The Hidden World of Pain
The Guardian's Observer section published a piece back on June 19 that I just discovered now, via Arts & Letters Daily. It's an essay by the Observer's literary editor, Robert McCrum. Following a sudden stroke in 1995 that left McCrum paralyzed on his left side, he wrote a memoir, My Year Off. The book is an account of his stroke, and of the arduous and lengthy recovery process he went through. Now, ten years after the stroke, he still has lingering disabilities, but has regained a significant part of his physical abilities.
McCrum's intention in writing this memoir was to record the experience so he could move on. Instead, he was pulled into a sort of parallel universe of which he had previously been almost wholly unaware. He started receiving letters from people all over the world -- both famous and unknown -- who were drawn by McCrum's account of the emotional and physical pain he experienced to tell him about their own.
McCrum's experience has a meaning that goes beyond finding out that others have been through similar difficulties. The way he describes it, his illness -- and more to the point, his writing a book about it -- thrust him into a private, hidden, secret world of pain that he realized is outside the realm of shared societal experience. The stroke he suffered became his dues, and the membership is permanent.

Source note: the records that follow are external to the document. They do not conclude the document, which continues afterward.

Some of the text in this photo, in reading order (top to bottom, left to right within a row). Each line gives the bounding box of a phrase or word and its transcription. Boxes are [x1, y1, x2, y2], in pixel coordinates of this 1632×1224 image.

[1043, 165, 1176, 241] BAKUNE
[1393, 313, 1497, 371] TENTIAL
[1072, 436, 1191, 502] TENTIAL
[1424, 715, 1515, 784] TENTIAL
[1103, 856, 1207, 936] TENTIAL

I became engulfed not just by the world's unwellness but, more generally, by its universal pain. The daughter of an old school teacher wrote to describe the 'devastating psychotic breakdown' that had culminated in attempted suicide. A well-known biographer described how illness had 'sabotaged my mental and communicative powers'. Kirk Douglas wrote to me about his stroke in a spidery, half-legible hand. Hume Cronyn, another veteran American actor, described his feelings on the death of his wife, Jessica Tandy. ..."

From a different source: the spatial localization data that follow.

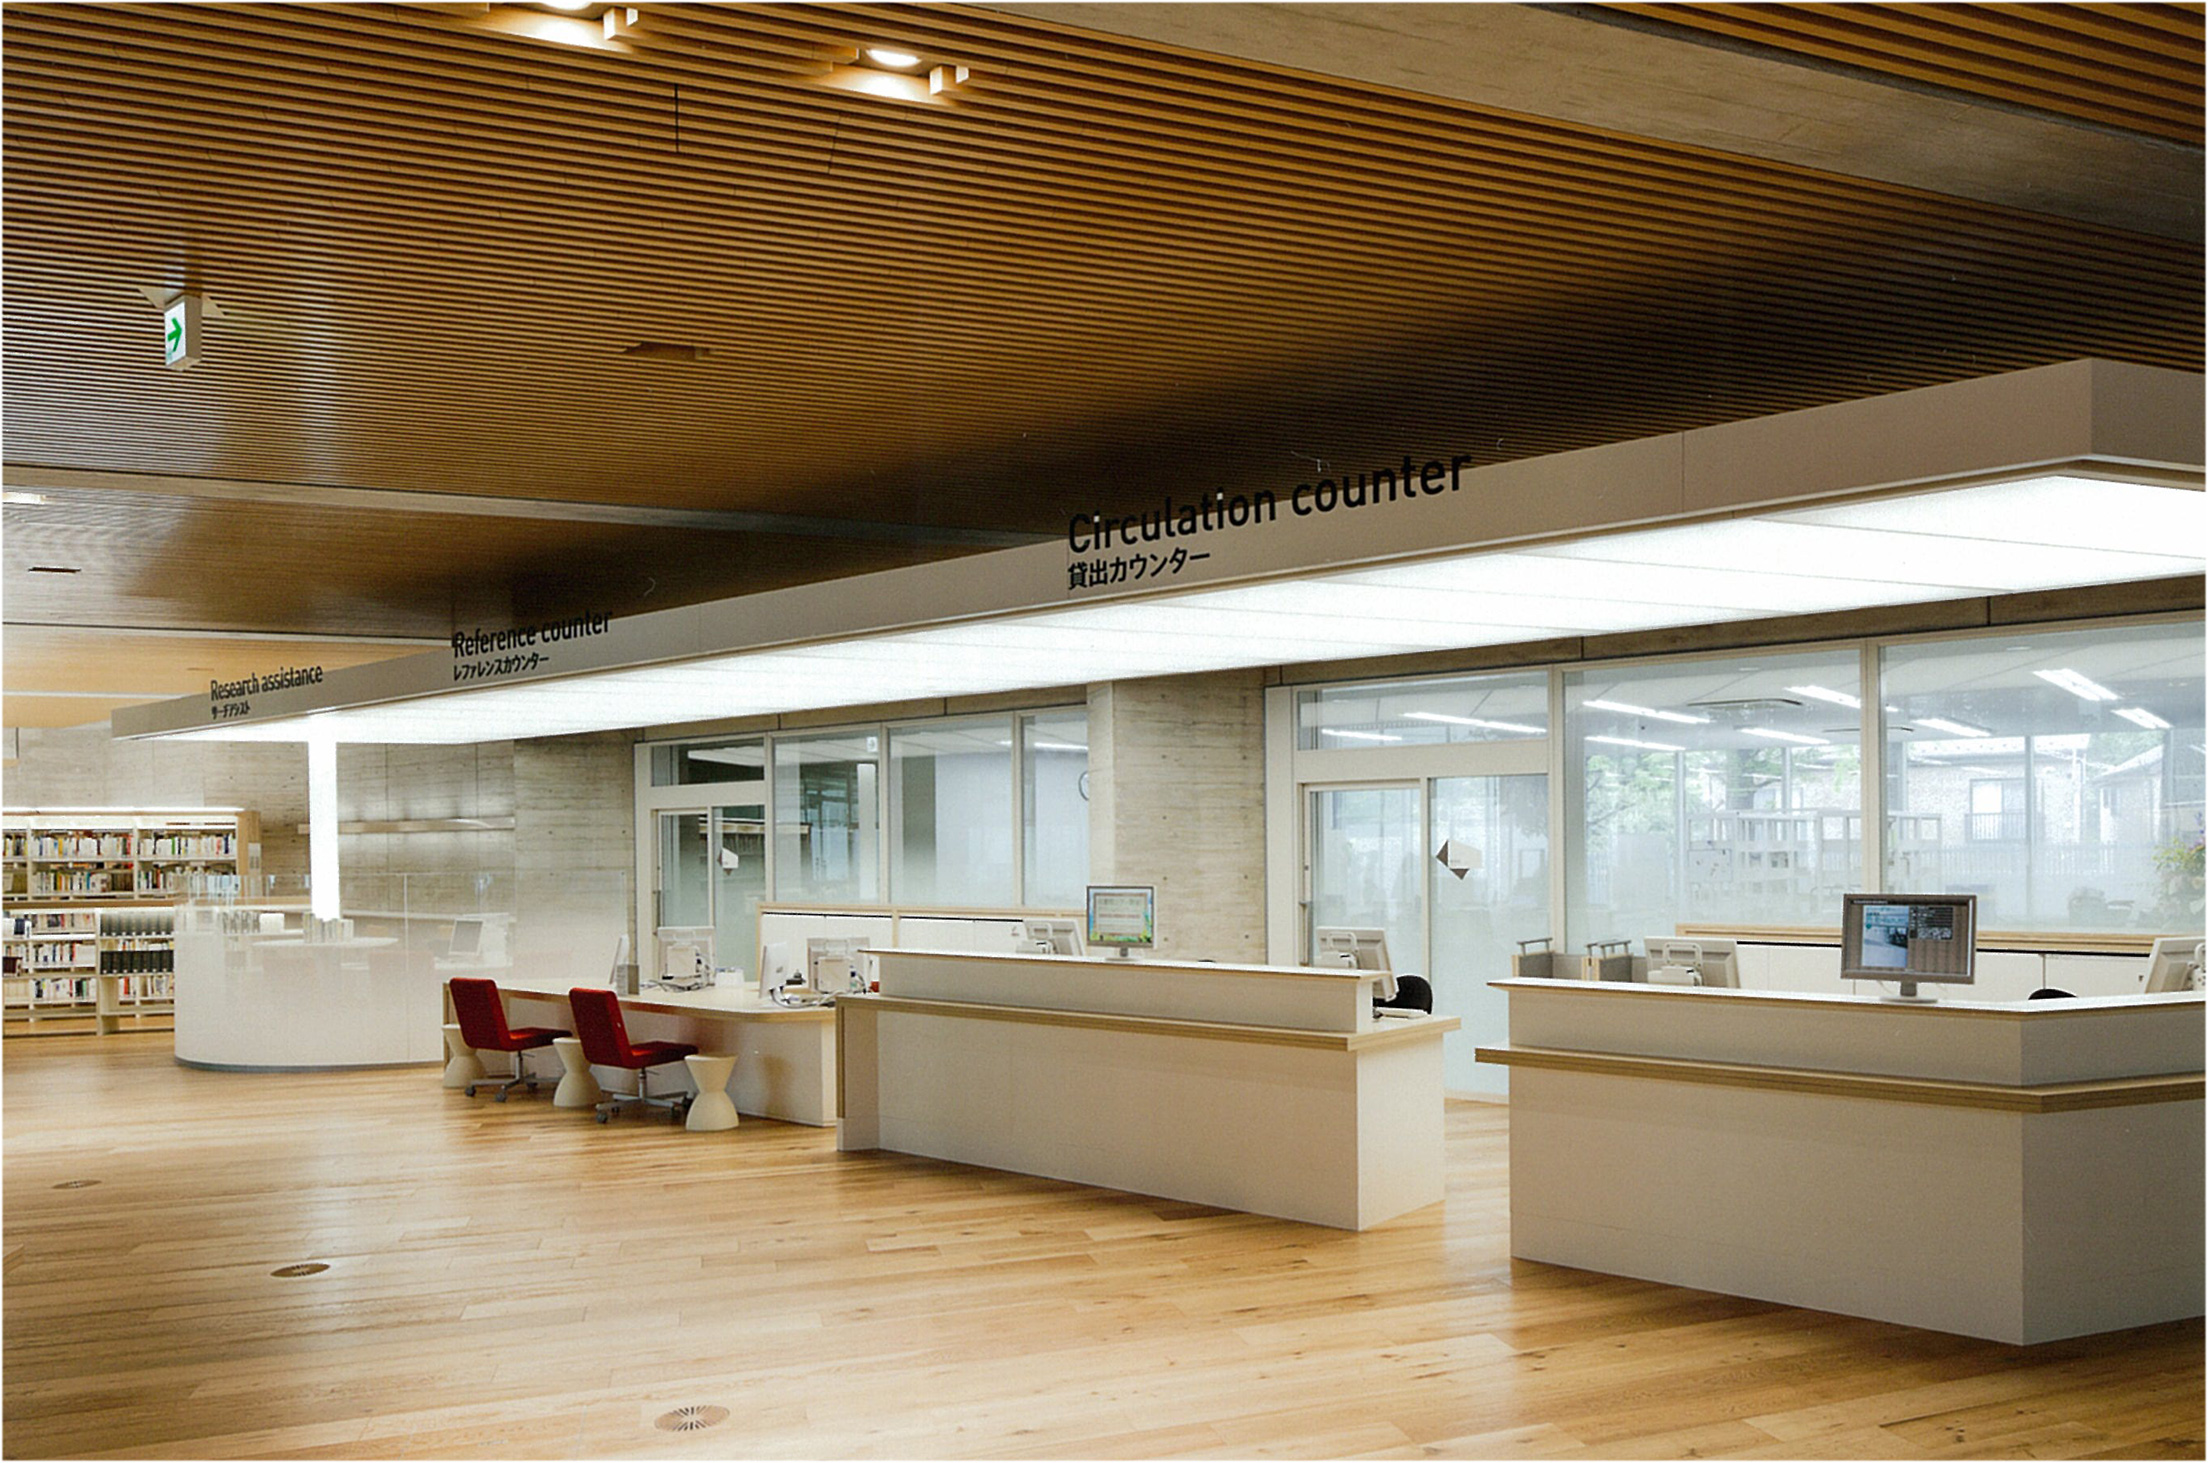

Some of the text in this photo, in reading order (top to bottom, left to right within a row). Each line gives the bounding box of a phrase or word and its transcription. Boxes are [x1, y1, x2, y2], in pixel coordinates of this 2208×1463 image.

[1068, 454, 1472, 554] Circulation counter
[1067, 546, 1211, 591] 貸出カウンター
[453, 610, 613, 659] Reference counter
[210, 665, 323, 701] Research assistance
[453, 651, 550, 682] レファレンスカウンター

A woman whose daughter had been diagnosed with leukemia wrote to him of her family's indescribable anguish:
'We, too, have become inhabitants of the world of pain. Our lovely daughter was diagnosed with leukaemia. A year ago last week, she suffered a stroke. Her right side was affected and she could not speak or swallow; she went down to 7st. Thanks to her youth, she recovered her speech and her movement. She appeared almost normal at her 24th birthday, but... back in hospital she contracted a serious infection and died of pneumonia.'
The letter went on: 'Now we are living in hell. Or rather, it is like living in two worlds: we see the "normal" world and we are able to integrate in it. We do "normal" things, which provide us with some respite, but at the end of it all, we have to come back to the other world, our private hell. Life does indeed go on, as everybody keeps telling us, but there is no joy in it for us, it is all mechanical. My daughter used to cry pitifully in her worst moments and say, "I want to be normal, Mummy." At other times she used to say, "I wonder if I'll ever be happy again", and that is how I feel now.

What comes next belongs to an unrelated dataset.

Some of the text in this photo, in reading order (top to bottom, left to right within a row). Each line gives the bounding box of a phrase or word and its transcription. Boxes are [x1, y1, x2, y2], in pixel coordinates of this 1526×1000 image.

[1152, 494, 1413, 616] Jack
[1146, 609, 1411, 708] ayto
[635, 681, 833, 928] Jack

It's like unwittingly saying aloud some secret password and being whisked into a separate reality:
Sometimes, I feel ashamed to claim fellow citizenship with these sufferers, but there it is: they are writing to me and there's not a thing I can do about it. As well as looking through the eyes of someone who might have died, in these 10 years I have acquired a quite new view of the world. Of course, I recognise that people will want to communicate with those they feel are sympathetic to their plight, but now I have come to believe something different.
It is this: that despite the stupendous journalism of feelings, there is still a vast unarticulated story out there that gets no publicity, a story of almost unendurable pain and desperation. Sure, I've been to hell and back, but these people are living in hell every day of their lives.
Oddly enough, the more everything is reported, analysed, expounded, categorised and explored in newspaper column after column, and the more people feel able to express whatever they think about virtually anything under the sun,the more deafening is the general silence that hangs over illness and ill health.
There is a sea of horror lapping at the edges of the everyday world, and these messages in bottles are floating in on every tide. These are the messages from the world of pain, messages that describe the suffering of strangers.